And of course the Democrats have already yielded the high ground, almost burning their bridges back to it. (How, say, can you as a Democrat re-espouse ‘God’ without frightening the abortion advocates? Support ‘excellence’ and ‘performance’ without appearing ‘insensitive’ and ‘judgmental’ if not indeed ‘racist’? Suggest that the sex-offense mania is not only ineffective but ungrounded, counterproductive and constitutionally dangerous, without appearing as a closet child-molester?) It’s going to be a hard thing to turn your formations - especially your obstreperous 'allies' - around in the press of battle, and then while maintaining formation and a sufficient rate of fire make your retreat back toward and then climb up to the high ground. Which, as aforementioned, was taken as low-hanging fruit by the Republicans after you abandoned it and is now held against you.

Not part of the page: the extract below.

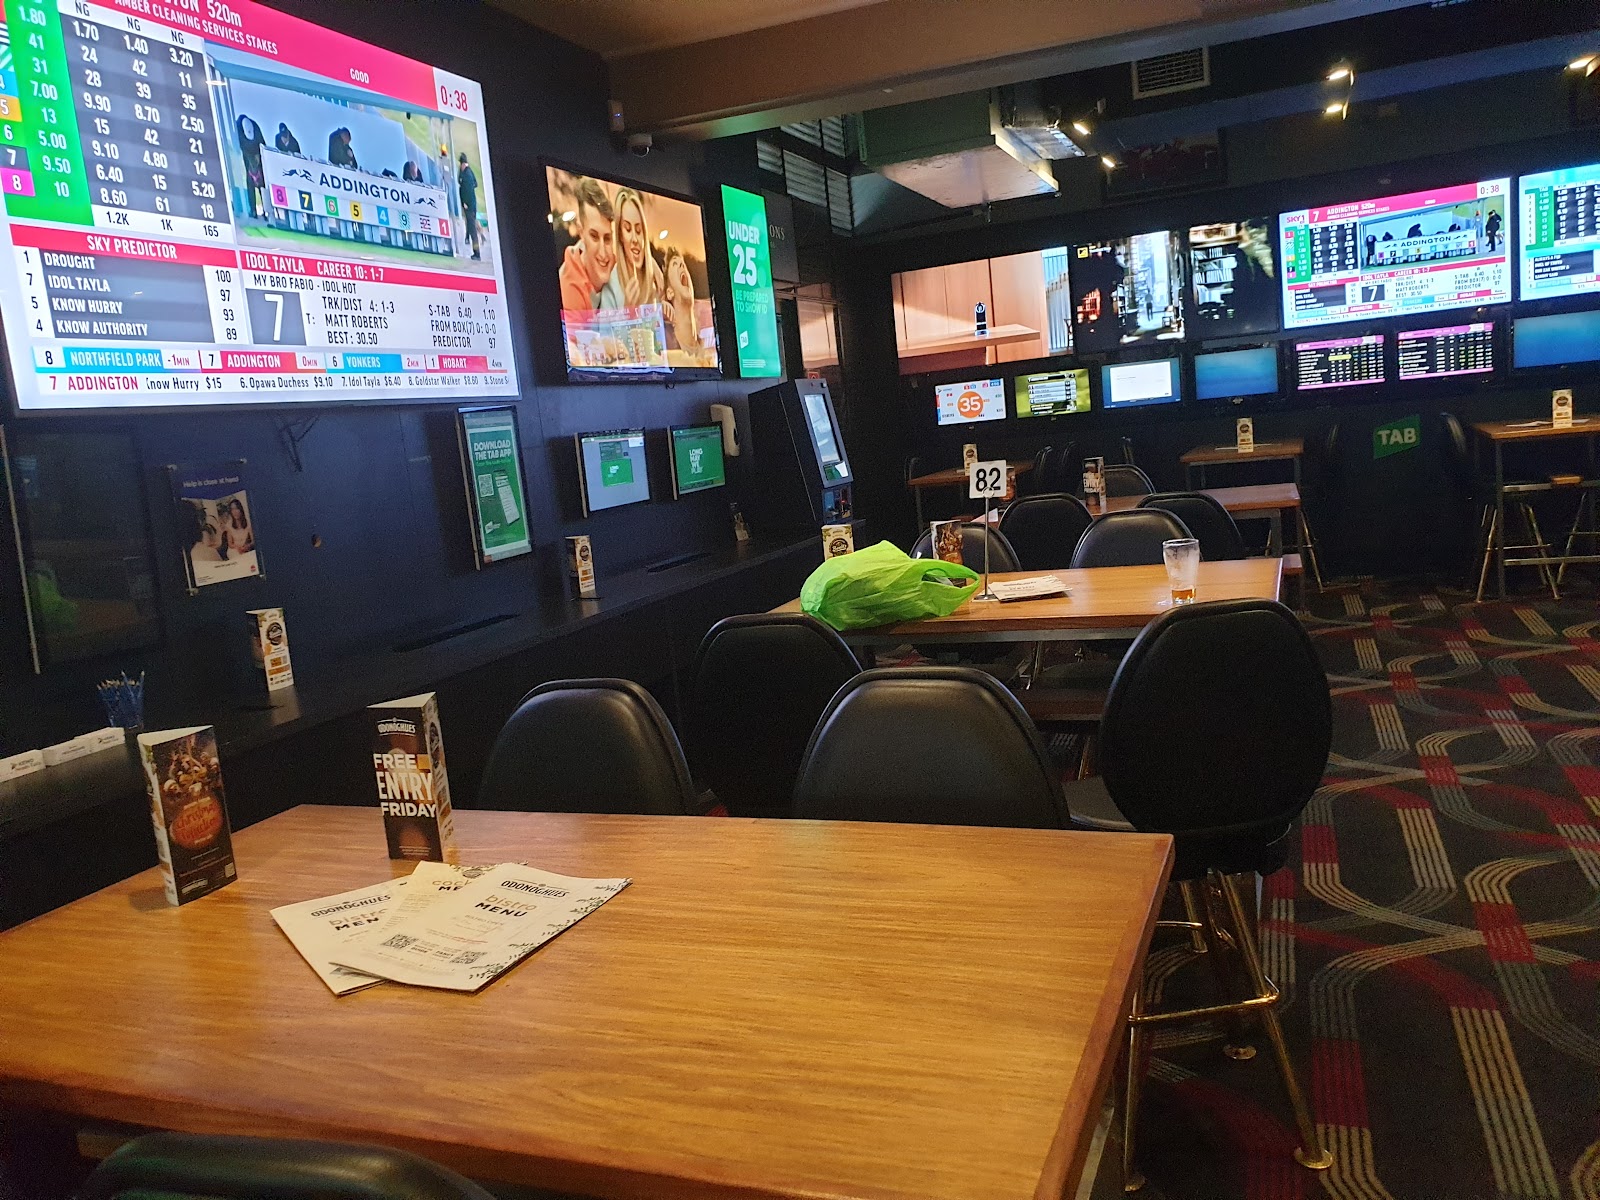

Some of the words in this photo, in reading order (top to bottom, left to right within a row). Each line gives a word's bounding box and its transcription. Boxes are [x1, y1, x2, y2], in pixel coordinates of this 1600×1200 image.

This should be a very sober pre-election season indeed. But my fear is that rather than try to deal with the realities, distracting diversions, either of the entertaining or the frightening variety, will be hastily ignited so that the real work needn’t be done, or the problems faced. This, famously, is not the spirit that built the West. But it is our modern American reality.

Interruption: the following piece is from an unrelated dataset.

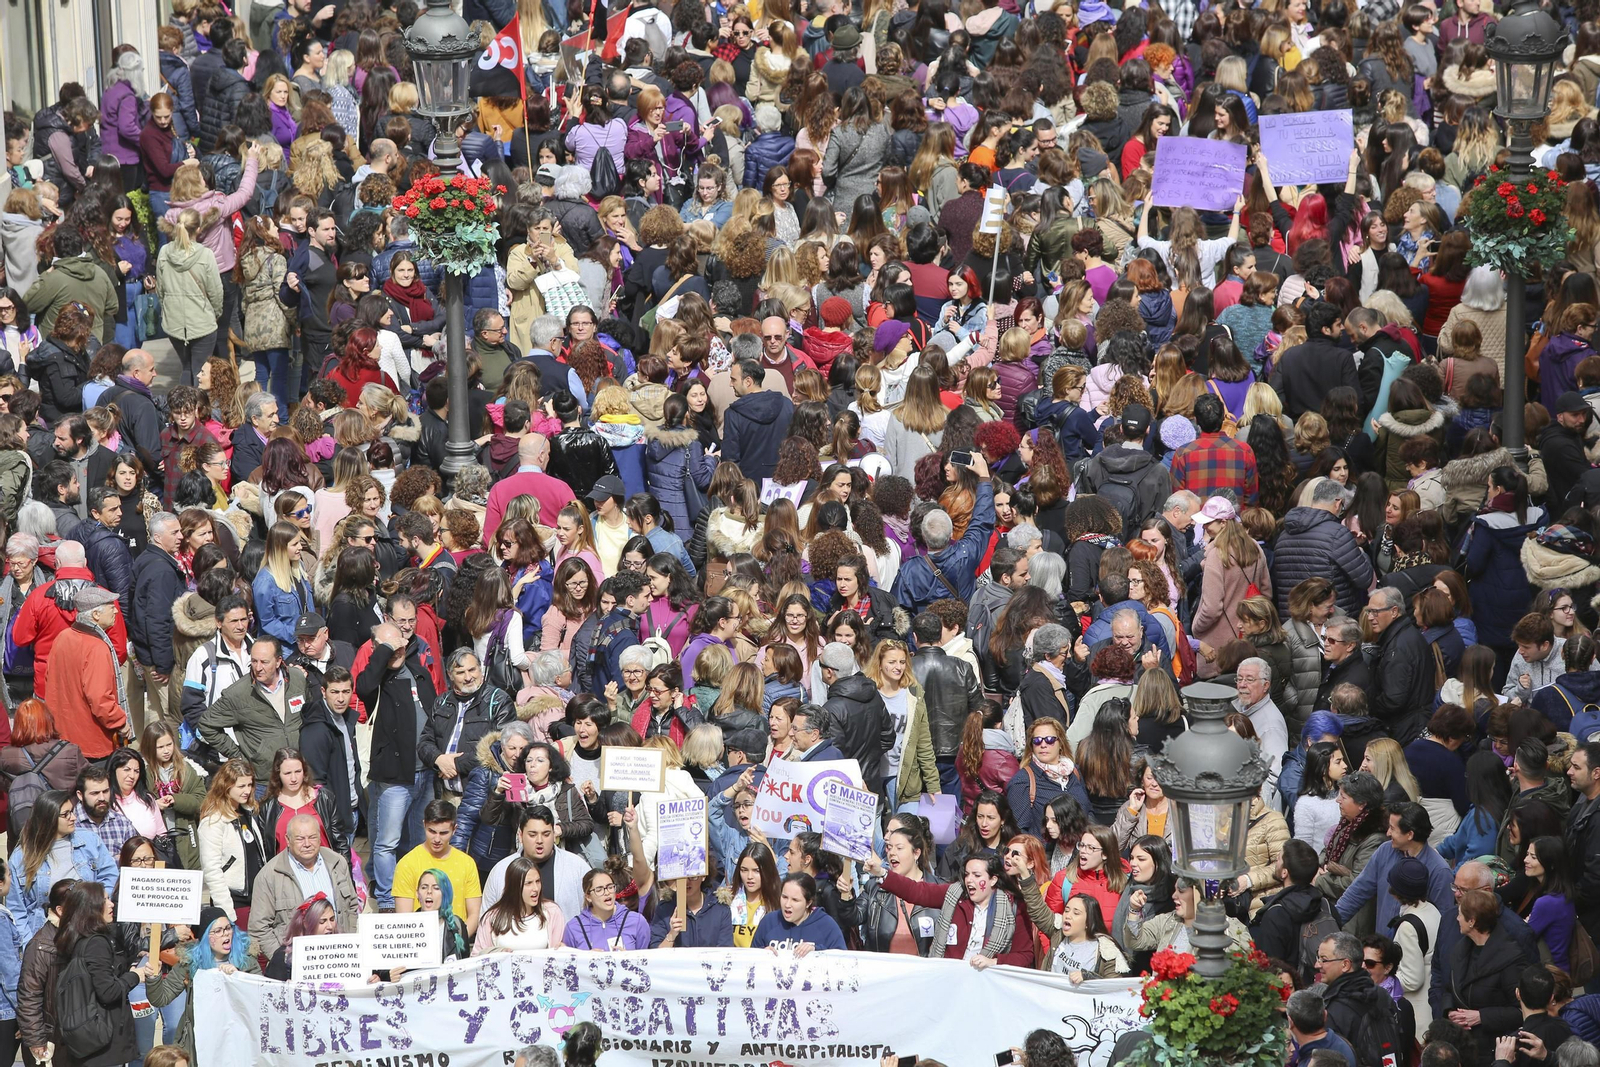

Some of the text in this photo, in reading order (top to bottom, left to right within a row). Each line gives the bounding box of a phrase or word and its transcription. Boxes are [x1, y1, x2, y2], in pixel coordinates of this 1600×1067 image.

But Schlesinger brought high-ground back, even though he couldn’t quite bring himself to admit how high-ground was lost in the first place. In 2005 he brought the thought and writing of Reinhold Niebuhr back into the national discourse, such as it is. Writing in the September 18, 2005 “New York Times” (“Forgetting Reinhold Niebuhr”) Schlesinger asks – but does not answer – the very good question as to why this evangelically-trained best of America’s theologians is not discussed by current faith-based folk of Left or Right.
My own thought is that Niebuhr deploys a mature character and informed mind to consider the height and depth and breadth and width of whatever topic he examines, and that’s a task utterly beyond the competence or the patience or the interest of most erstwhile activists – of Left or Right – nowadays. They have been ‘emergencified’: there’s a crisis, there’s no time to think, just act … or, better, let the gummint do whatever it thinks best. Left and Right have brought us into these dark and fatal woods as surely as Varus led his legions into the Teutoborg and Braddock led his columns into the Pennsylvania woods.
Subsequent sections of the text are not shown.